科学解决理论问题，技术解决实际问题。科学要解决的问题，是发现自然界中确凿的事实与现象之间的关系，并建立理论把事实与现象联系起来；技术的任务则是把科学的成果应用到实际问题中去。科学主要是和未知的领域打交道，其进展，尤其是重大的突破，是难以预料的；技术是在相对成熟的领域内工作，一般可以做比较准确的规划。

1849年E·H·杜布瓦-雷蒙发表了《动物电的研究》，他所发展的刺激技术（感应圈）和记录技术是电生理技术的先导。随着电子管的发明和应用，从不同组织引导出来微弱的生物电讯号得以放大并可观测。1920年，J．厄兰格和H·S·加塞（共同获得了1944年的诺贝尔生理学及医学奖）共同研究制成了以阴极射线示波器为基础的高灵敏度的增幅仪，从此单个神经纤维活动电位的正确波形记录获得成功，标志着现代电生理技术的开始。早期的电生理技术只能记录大量细胞的同步的电活动。1949年，G·凌宁等开始用微电极插入细胞内记录其电活动，使电生理技术达到细胞水平。

Cole和Marment设计了电压钳（voltage clamp）。电压钳技术是通过插入细胞内的一根微电极向胞内补充电流，补充的电流量正好等于跨膜流出的反向离子流，这样即使膜通透性发生改变时，也能控制膜电位数值不变。后经Hodgkin和Huxley改进并成功地应用于神经纤维动作电位的研究 。

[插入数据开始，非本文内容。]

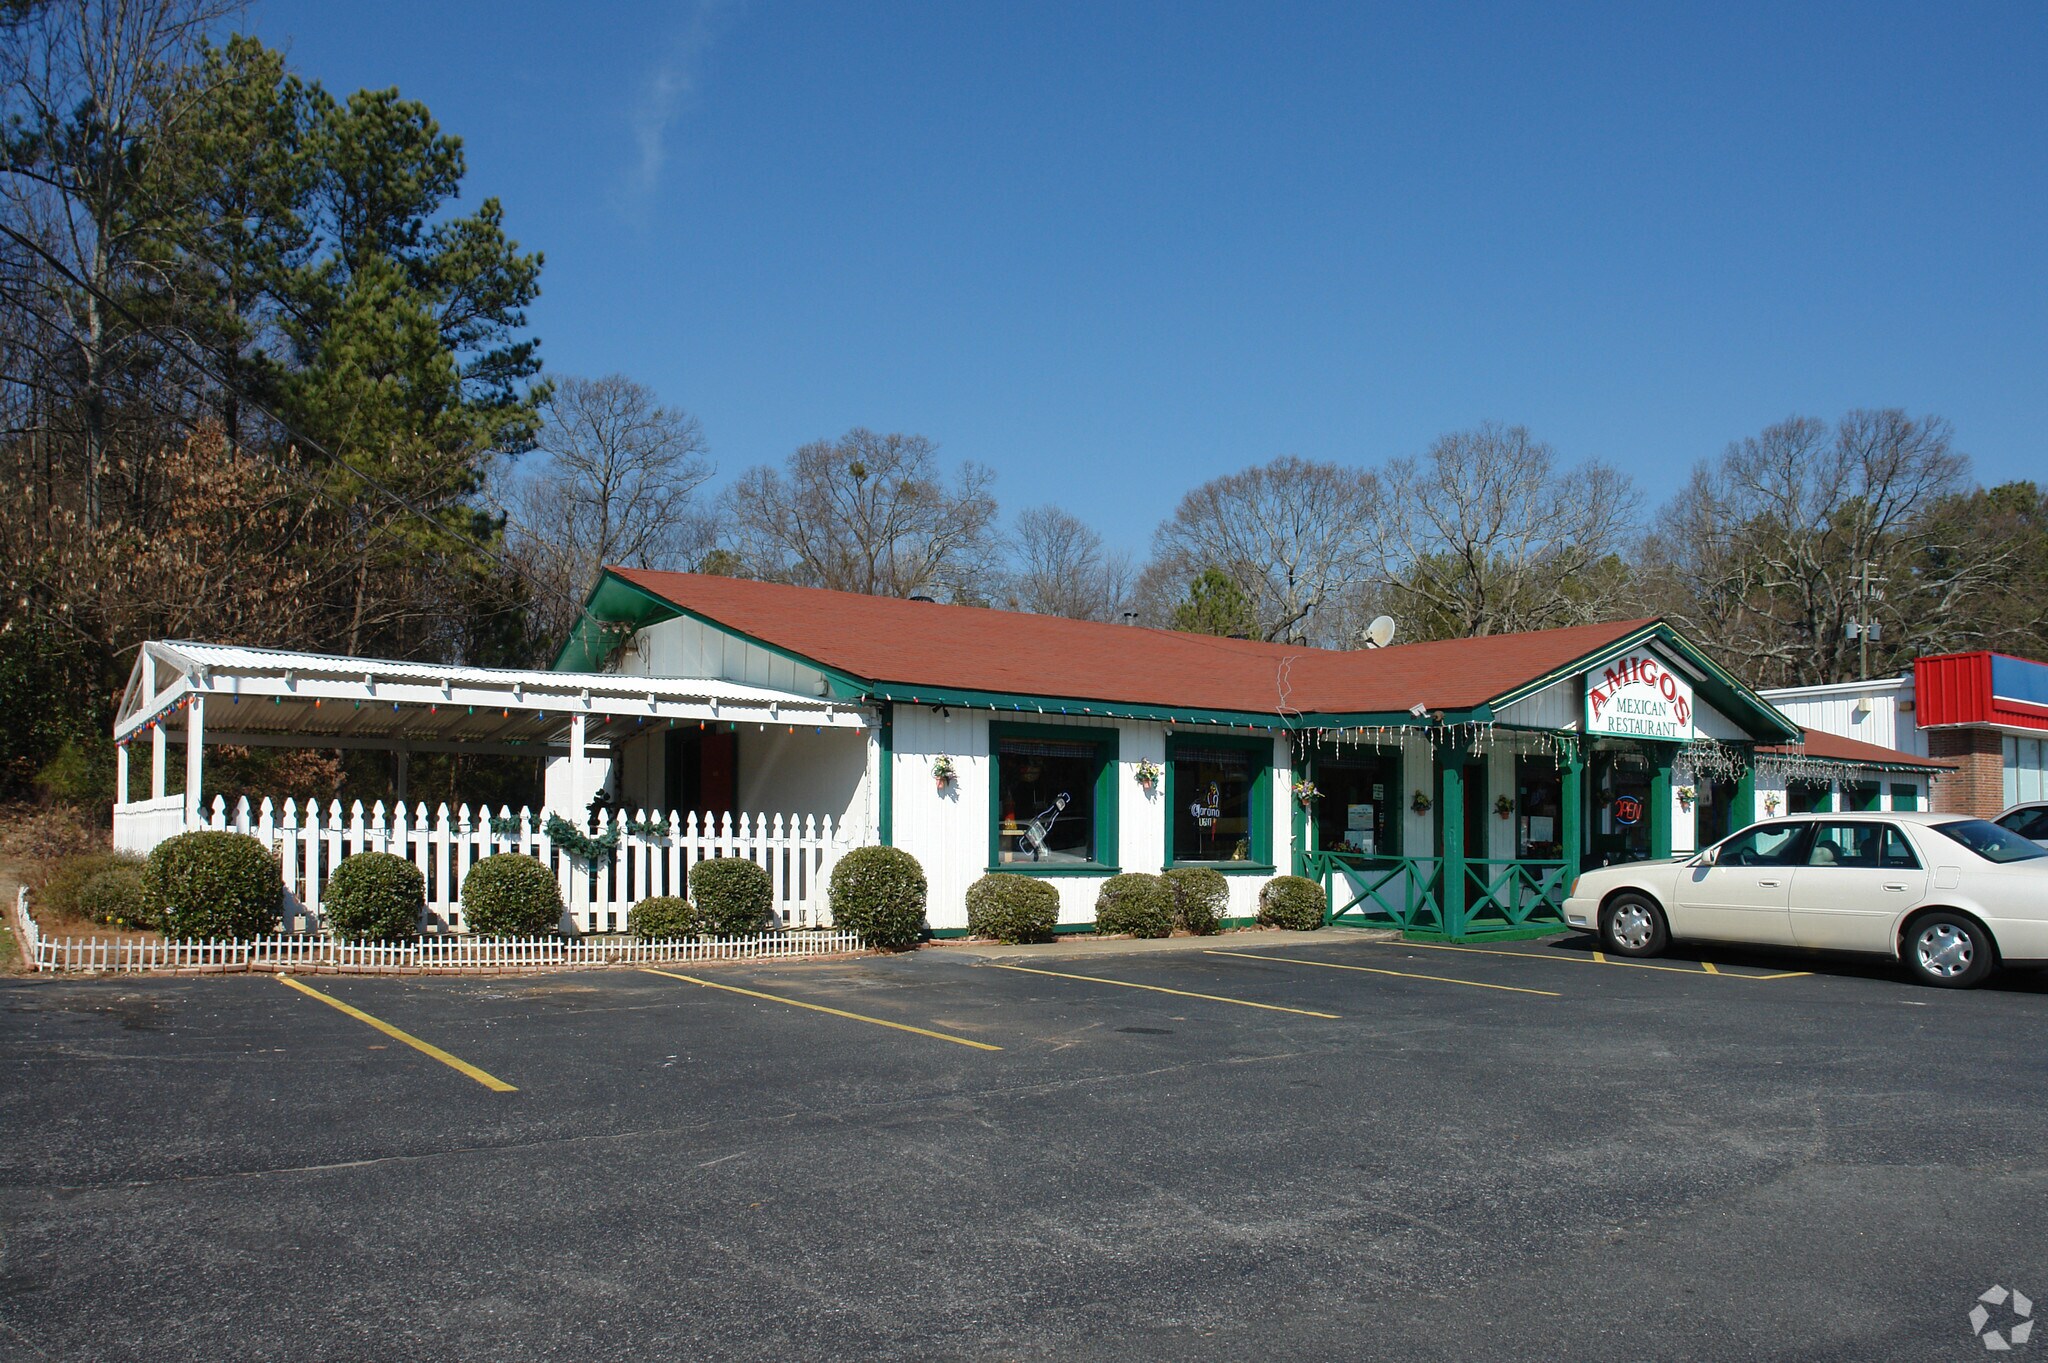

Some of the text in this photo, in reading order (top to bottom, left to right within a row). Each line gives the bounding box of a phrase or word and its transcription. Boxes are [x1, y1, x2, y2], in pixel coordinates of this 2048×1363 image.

[1589, 656, 1691, 727] AMIGOS
[1616, 697, 1667, 716] MEXICAN
[1608, 716, 1677, 737] RESTAURANT

其设计原理是根据离子作跨膜移动时形成了跨膜离子电流（I），而通透性即离子通过膜的难易程度，其膜电阻（R）的倒数，也就是膜电导（G）。因此，膜对某种离子通透性增大时，实际上时膜电阻变小，即膜对该离子的电导加大。根据欧姆定律U=IR，即I=U/R=UG，所以，只要固定膜两侧电位差（U）时，测出的跨膜电流（I）的变化，就可作为膜电导变化的度量，即可了解膜通透性的改变情况。

1976年德国马普生物物理化学研究所Neher和Sakmann首次在青蛙肌细胞上用双电极钳制膜电位的同时，记录到ACh激活的单通道离子电流，从而产生了膜片钳技术。1980年Sigworth等在记录电极内施加5-50 cmH2O的负压吸引，得到10-100GΩ的高阻封接（Giga-seal），大大降低了记录时的噪声实现了单根电极既钳制膜片电位又记录单通道电流的突破。1981年Hamill和Neher等对该技术进行了改进，引进了膜片游离技术和全细胞记录技术，从而使该技术更趋完善，具有1pA的电流灵敏度、1μm的空间分辨率和10μs的时间分辨率。1983年10月，《Single-Channel Recording》一书问世，奠定了膜片钳技术的里程碑。Sakmann 和Neher也因其杰出的工作和突出贡献，荣获1991年诺贝尔医学和生理学奖。